折口信夫の筆名釋迢空が法名であること、その事実の背後に同性愛が隠されていることを発見した画期的評論

2000/12/20 18:15

1人中、1人の方がこのレビューが役に立ったと投票しています。

投稿者:岡谷公二 - この投稿者のレビュー一覧を見る

 釋迢空とは、国文学者の折口信夫が、短歌、詩、小説といった文学作品を発表する際に用いた筆名である。本書の題名は、彼の文学作品、とりわけその短歌を読み解く作業がテーマとなっているところから来ている。

 短歌的な抒情の否定を一生の課題とした大阪生れの詩人小野十三郎を師に持ち、「ずいぶん長い間……歌(短歌)に近づき学ぶことを避けて通ってきた」著者が、釋迢空の短歌に親しむようになったのは、加藤守雄『わが師折口信夫』、岡野弘彦『折口信夫の晩年』のような弟子たちの回想を読んで、その人間に強い関心を抱くようになったからである。


 数多い折口信夫をめぐる書物の中で、本書が類書と異なる点は、大きくいって二つある。一つは、彼の同性愛を正面切ってとりあげていることであり、もう一つは、同じ「大阪の場末」に生れ育った人間として、迢空の故郷や家について持つ複雑な心理を共感を以て分析していることである。

 折口信夫の同性愛は、加藤守雄の本によってそのなまなましい姿があばかれて以来、公然の事実となったと言ってよく、『死者の書』を書くきっかけとなったとされる中学の同級生の辰島桂二、今宮中学時代の教え子の伊勢清志、藤井春洋、加藤守雄という名前は、その相手として、伝記の上ではよく知られている。しかし彼の同性愛が、彼の生涯と仕事の上において持つ意味については、これまでほとんどまともに考えられたことがなかった。

 著者は、感性の鋭いメスによって、折口信夫・釋迢空の心の襞に分け入り、その奥にかくされた秘密に迫ろうとする。そしてこれまで彼の伝記の上で全く無視されてきた藤無染なる人物を発見する。藤無染は、折口の「自撰年譜」の中に、明治三十八年九月、国学院大学入学のため上京した折、「新仏教家藤無染氏の部屋に同居、年末、藤氏に具して、小石川区抑町に移る」として、ただ一回だけ出てくる。著者は、歌集にさえ採録されなかった初期の膨大な短歌をくわしく読み、さまざまな実地調査をおこなって、藤無染が折口より九才年上の、早逝した浄土真宗の僧侶であり、折口の一生を決定した恋の相手であり、釋迢空という名前は、単なる筆名ではなく、藤無染によってつけられた法名であることをつきとめる。といって、以上の事柄は確証されたわけではなく、すべては状況証拠にもとずいていて、今のところは仮説の域にとどまっているが。この仮説には強い説得力がある。実際、迢空の作品や生涯が、「藤無染というピースをはめこむと、一挙に絵柄がはっきりするジグソーパズルのような気」がしてくるのは、著者だけではないのである。

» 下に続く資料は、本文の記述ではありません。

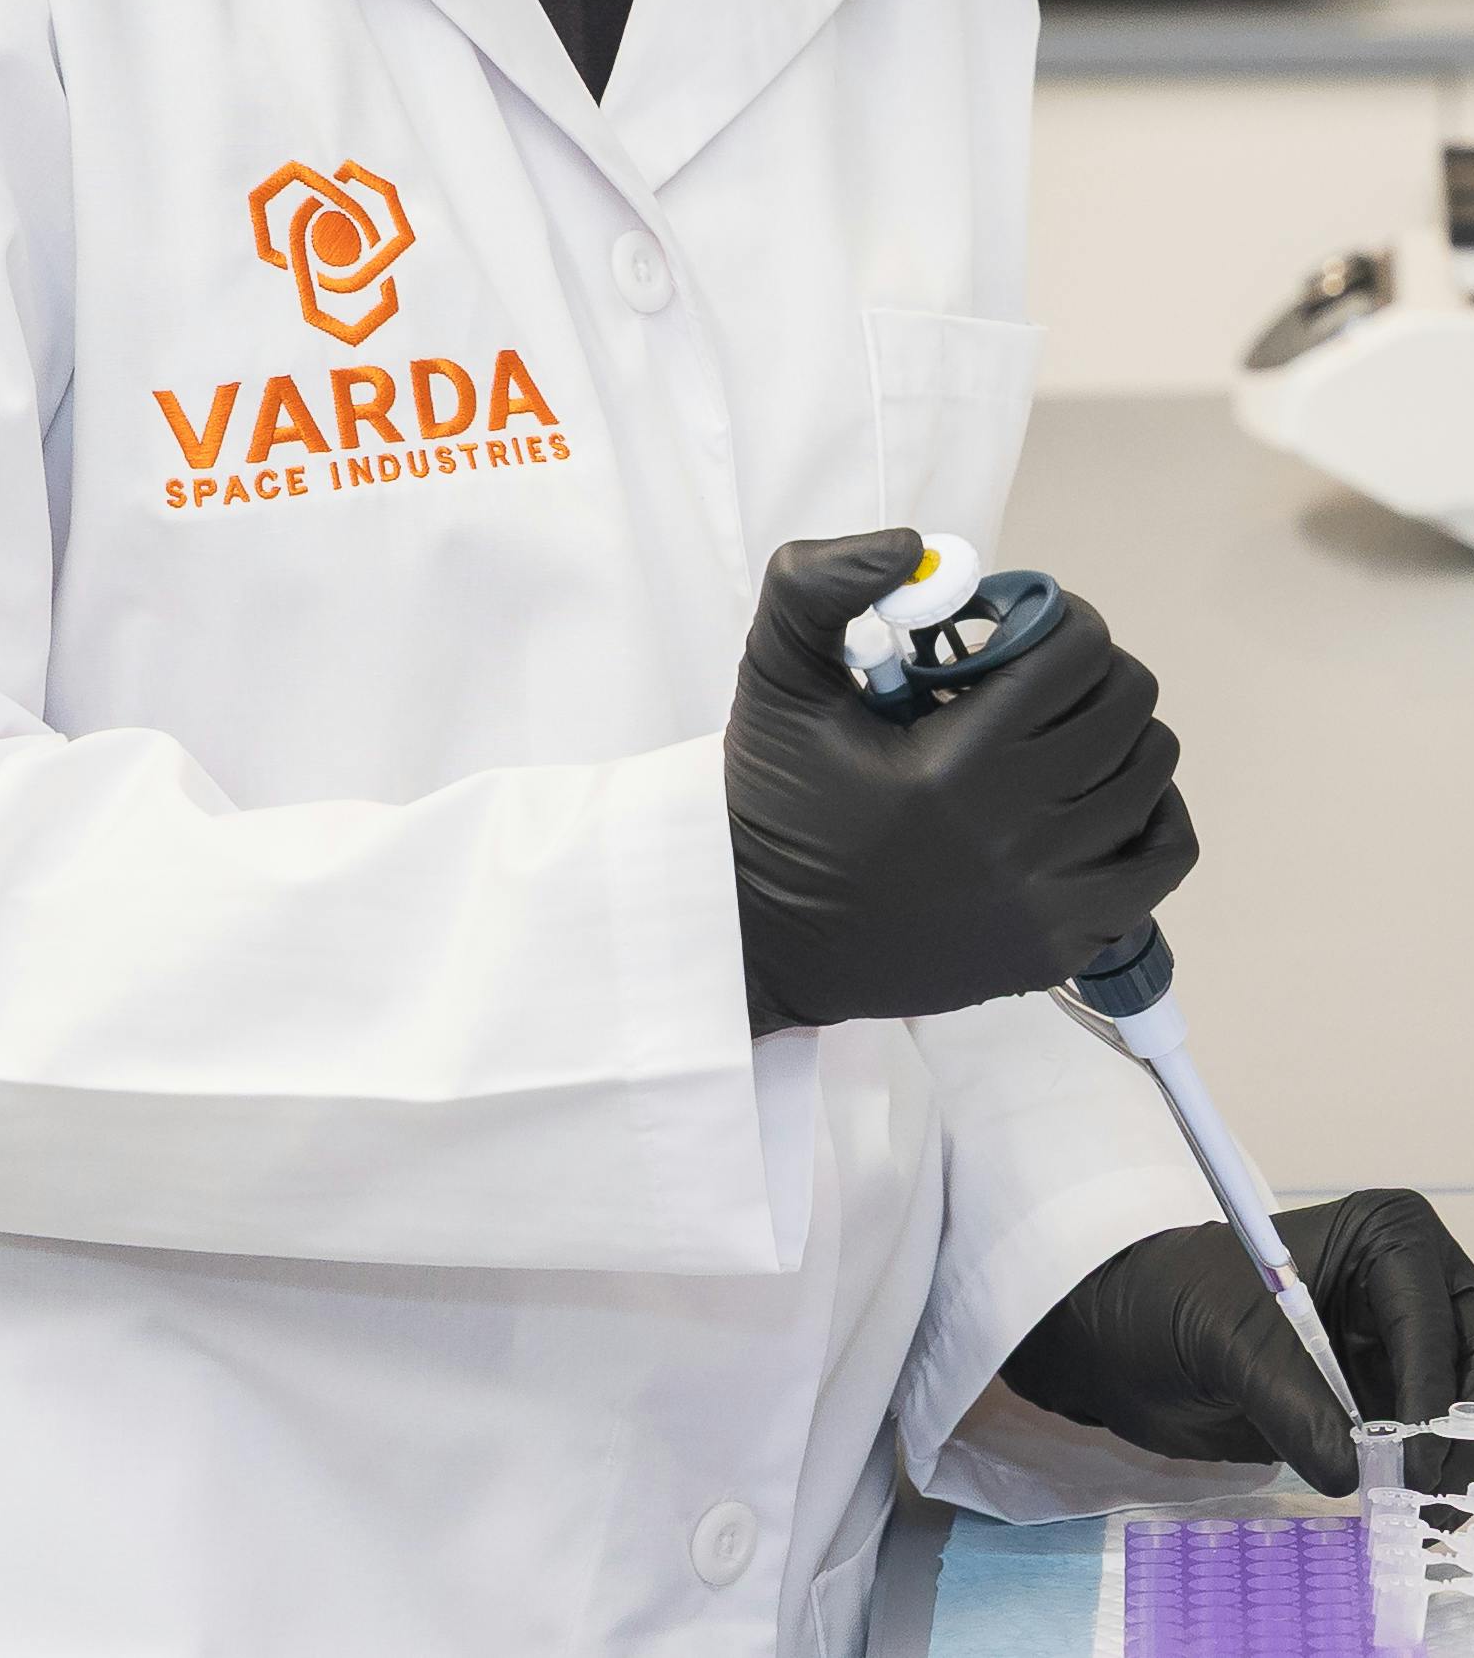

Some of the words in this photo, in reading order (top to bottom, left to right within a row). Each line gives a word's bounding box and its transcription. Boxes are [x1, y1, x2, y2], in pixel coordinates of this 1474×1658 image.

[153, 349, 559, 470] VARDA
[166, 465, 308, 510] SPACE
[330, 432, 572, 491] INDUSTRIES

 たとえば折口が、生前自ら釋迢空を戒名にしてくれるように菩提寺の住職に頼んでいた事実は、それが単なる筆名でないことを、はっきりと裏付けている。そして著者の言うように、「詩歌散文を問わず、文学的行為にのみ用いられる筆名に法名を撰ぶと決めた時、それは自分の「文学」をすべて死者への晩歌──供養とする意志だった」ことも確かである。

 今後折口信夫=釋迢空に近づく人たちは、本書を避けては通れないだろう。 (bk1ブックナビゲーター:岡谷公二/評論家 2000.12.21)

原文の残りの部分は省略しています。